Kamis, 30 April 2015

Dia Itu






            Dia itu tidak akan pernah memberi tahu kapan dan kemana dia seharian. Tidak akan pernah memulai percakapan. Tidak pernah memberi kesan menyenangkan. Tidak pernah tau cara romatis pada pasangan. Benar-benar dingin.

            Dia itu harus aku duluan yang memulai. Dari mana saja? kemana saja? lagi apa? Apa kabar? Bagaimana harimu? Sehatkah? Dan seterusnya. Dia benar-benar kaku dan tidak tau cara membahagiakanku meski dengan satu patah katapun. Tidak pernah.

            Dia itu laki-laki dingin dan terkesan tidak peduli. Tidak ada kejutan setiap kali bercerita. Tidak ada kalimat pendiri kekuatan ketika aku lagi bosan. Bahkan dia benar-benar tidak peduli. Aku bingung harus bagaimana. Aku tak tau bagaimana menghadapinya.
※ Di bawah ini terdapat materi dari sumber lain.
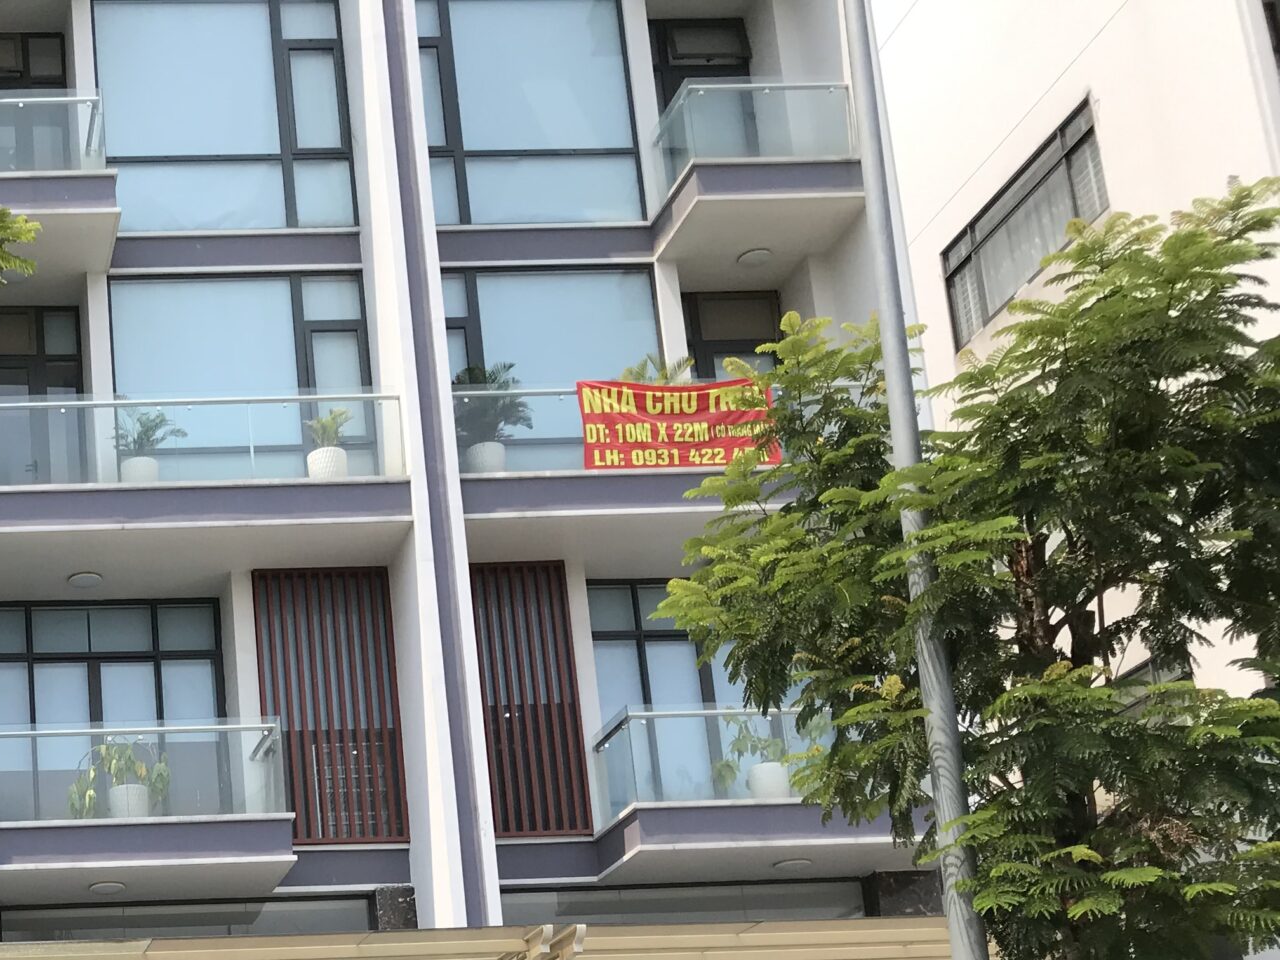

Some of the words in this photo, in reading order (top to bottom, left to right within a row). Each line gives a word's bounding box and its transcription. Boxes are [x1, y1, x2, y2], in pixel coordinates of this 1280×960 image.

Bahkan menurutku dia sangatlah kaku.

            Dia itu membuatku pusing. Entah apa yang sedang dia fikir. Saat aku sedang memakinya dengan kalimat saat itu dia akan merespon kemudian kembali diam. Ketika aku memujinya dia akan menjawab lalu kembali diam. Lantas? Haruskaha aku berlari dulu agar dia tau bagaimana sulitnya aku berjuangan dengan semua kekuatanku? Haruskah aku berlari terlebih dulu agar dia tau bagamana caraku menyibukkan diri ketika tak ada kabar darinya? Haruskah begitu. Haruskah?

            Dia terkesan cuek dan jutek. Tak pernah perhatian walau hanya sedikitpun. Sosok sepertinya harus menyediakan seribu karung kesabaran. Meninggikan rasa kesabaran serta menurunkan emosional. Tahan amarah adalah jalannya. Bicara lembut adalah caranya. Setidaknya begitu.

            Dia itu membuatku hampir frustasi setiap harinya. Bisa kau bayangkan bukan? Dengan jarak jauh yang menguji kepercayaan. Dengan jarak jauh yang menguji kekecewaan, dengan jarak jauh yang melapangkan dada. Menghadappi orang sepertinya ku butuh banyak usaha. Ya, dan tentu saja. namun, aku berusaha semampuku membuka mata dengan apa yang telah kulakukan. Dengan caranya yang setiap harinya cuek, acuh tak acuh serta tak peduli padaku aku bisa belajar. Bahwa mencintai bukanlah tentang memberi kabar setiap hari. Bahwa mencinta bukanlah tentang memberikan tawa setiap perbincangan. Bukan itu. Tentu saja bukan. Bahwa cinta itu adalah kedewasaan. Bagaimana menghargai satu sama lain, bagaimana cara menghadapi pribadi masing-masing tanpa harus memberikan emosi. Tanpa harus mengutamakan amarah. Karna cinta itu pengertian bukan tentang kelabilan.

            Dia itu... laki-lakiku dengan misterius yang mengangumkan.